Today’s Republican Party, Obama argued, has abandoned this traditional understanding, in favor of a “failed approach” of trickle-down economics. “In this country, broad-based prosperity has never come from the success of a wealthy few,” he said.

Case in point is Paul Ryan’s latest budget, which—like his Roadmap released last year—would require massive cuts to existing social spending and destroy any semblance of fairness in the economy, as the rich received huge benefits from an economy slanted in their favor. As Obama described it, “The Republicans have doubled down and proposed a budget so far to the right that it makes the Contract for America look like the New Deal.”

Indeed, Obama took the time to illustrate the extent to which the Ryan budget would demolish the federal government as we know it, citing the millions of people who would lose health care coverage with Medicaid cuts, the millions of children who would lose access to healthy food with WIC cuts, and the millions of students who would lose a shot at college because of cuts to Pell Grants and other programs designed to make school more affordable.

He pointed out that while Republicans refuse to say where they would make cuts, cuts have to happen if we adopt their budget, “Perhaps they will never tell us where the knife will fall, but you can be sure that with cuts this deep, there will never be a secret plan to protect the investments we need for our economy to grow. This is not conjecture, I am not exaggerating, these are facts.”

From his aggressive tone to his sharp and clear language, this was a campaign speech, and he took care to tie his likely competitor—former Massachusetts governor Mitt Romney—to the policies pushed by congressional Republicans. “He called it ‘marvelous’,” said Obama, highlighting the degree to which the “Path to Prosperity” is the Republican Party platform for 2012.

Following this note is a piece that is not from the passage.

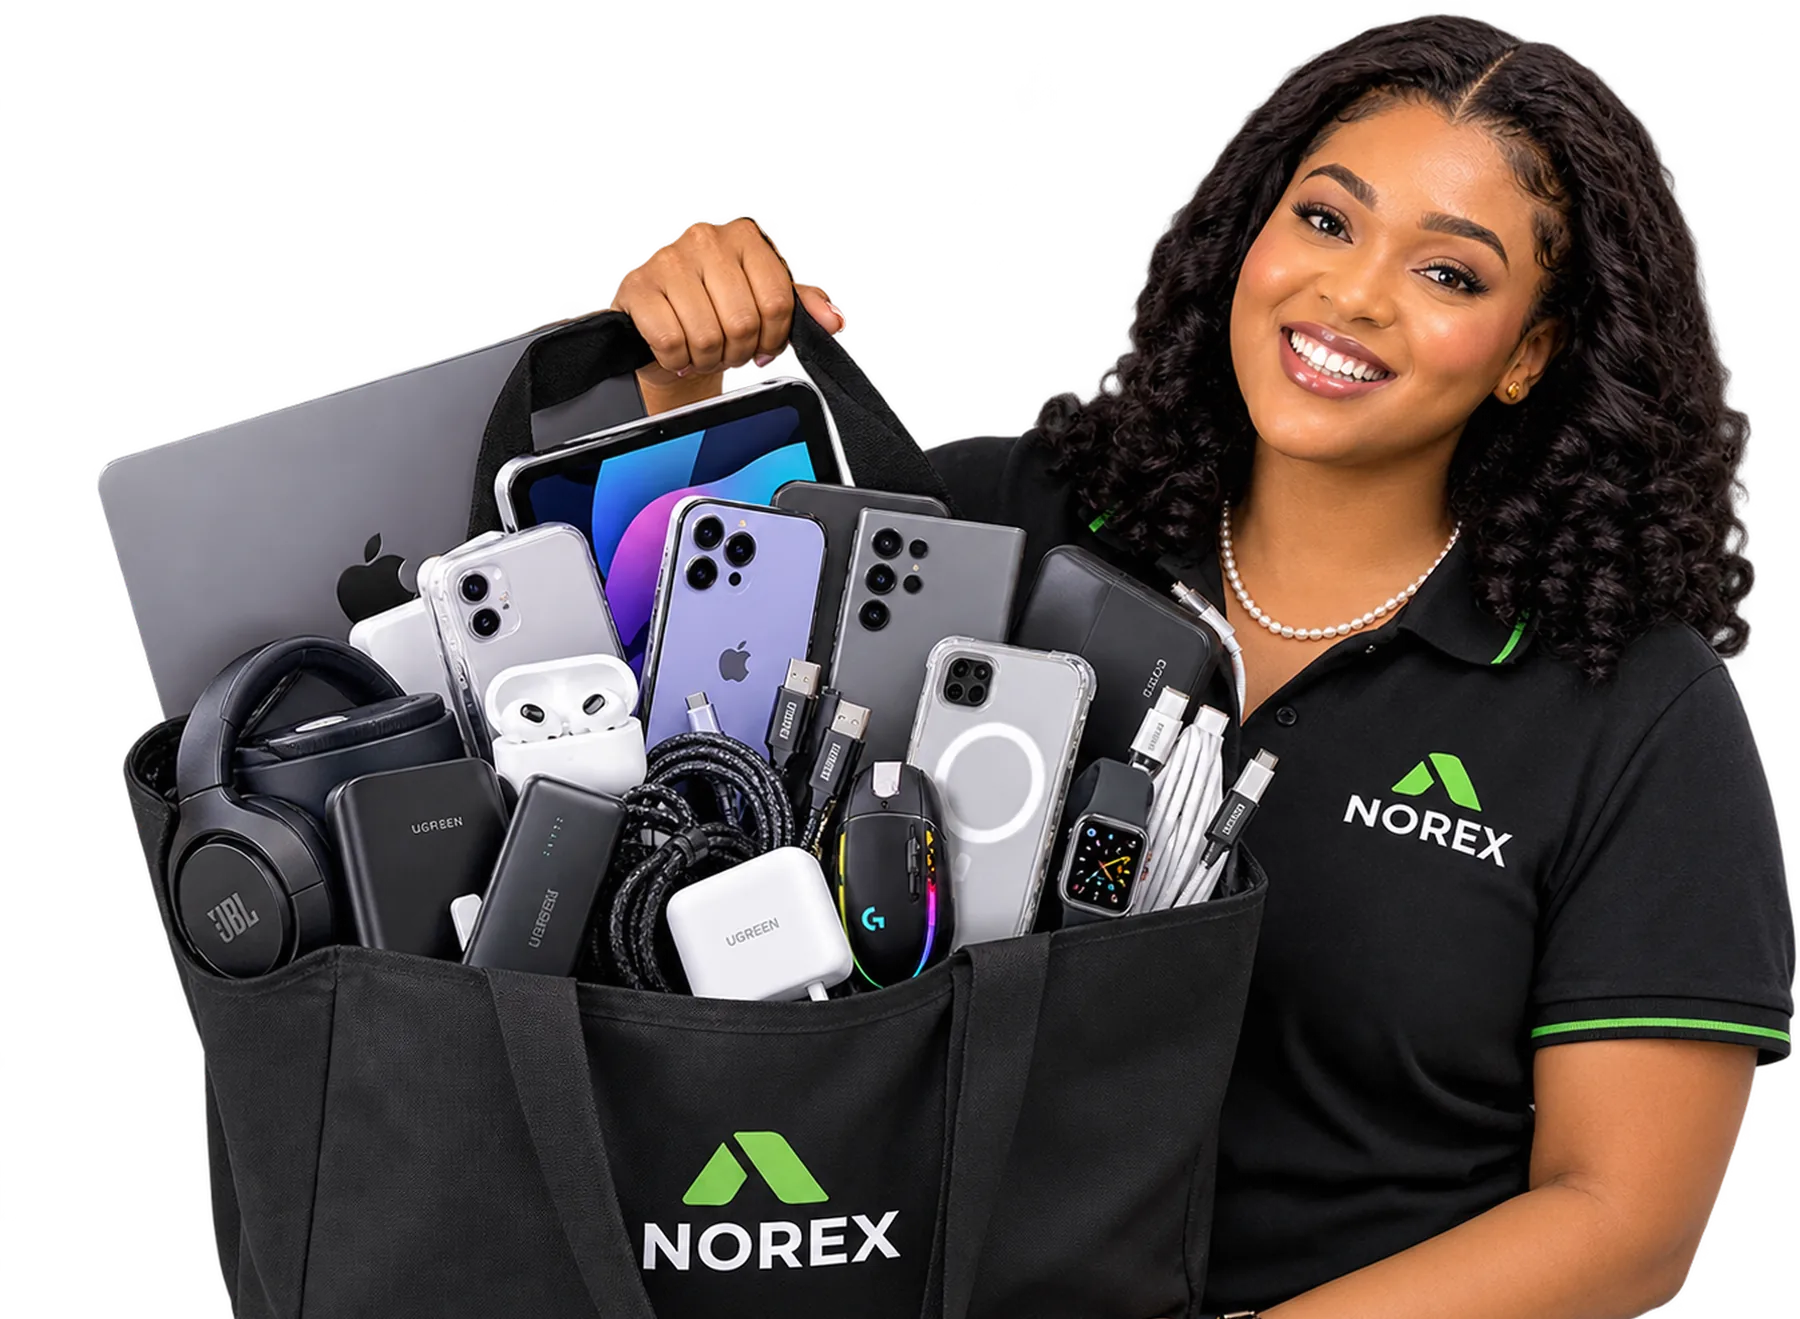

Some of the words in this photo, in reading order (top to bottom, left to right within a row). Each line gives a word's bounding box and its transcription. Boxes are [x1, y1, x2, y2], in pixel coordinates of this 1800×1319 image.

I said this morning that thanks to the short-sighted ideological fervor of Paul Ryan, Obama can make a strong and clear case against the Republican Party. I didn’t realize that this would also be a brutal indictment of the party’s priorities. With his speech, Obama presented the GOP as the defenders of a failed ideology that would leave most Americans trapped in their station, struggling in a hostile economy. If this sounds far-fetched, look no further than the last three years—Republicans have either pushed to eliminate regulations and cut taxes on the rich, or they have stood against any effort to make the economy more fair, or put some restraints on those who caused the financial crisis.

Obama’s challenge is to convince the public that Republicans would continue on that path if elected to office. At the risk of sounding too certain, I think he can do it.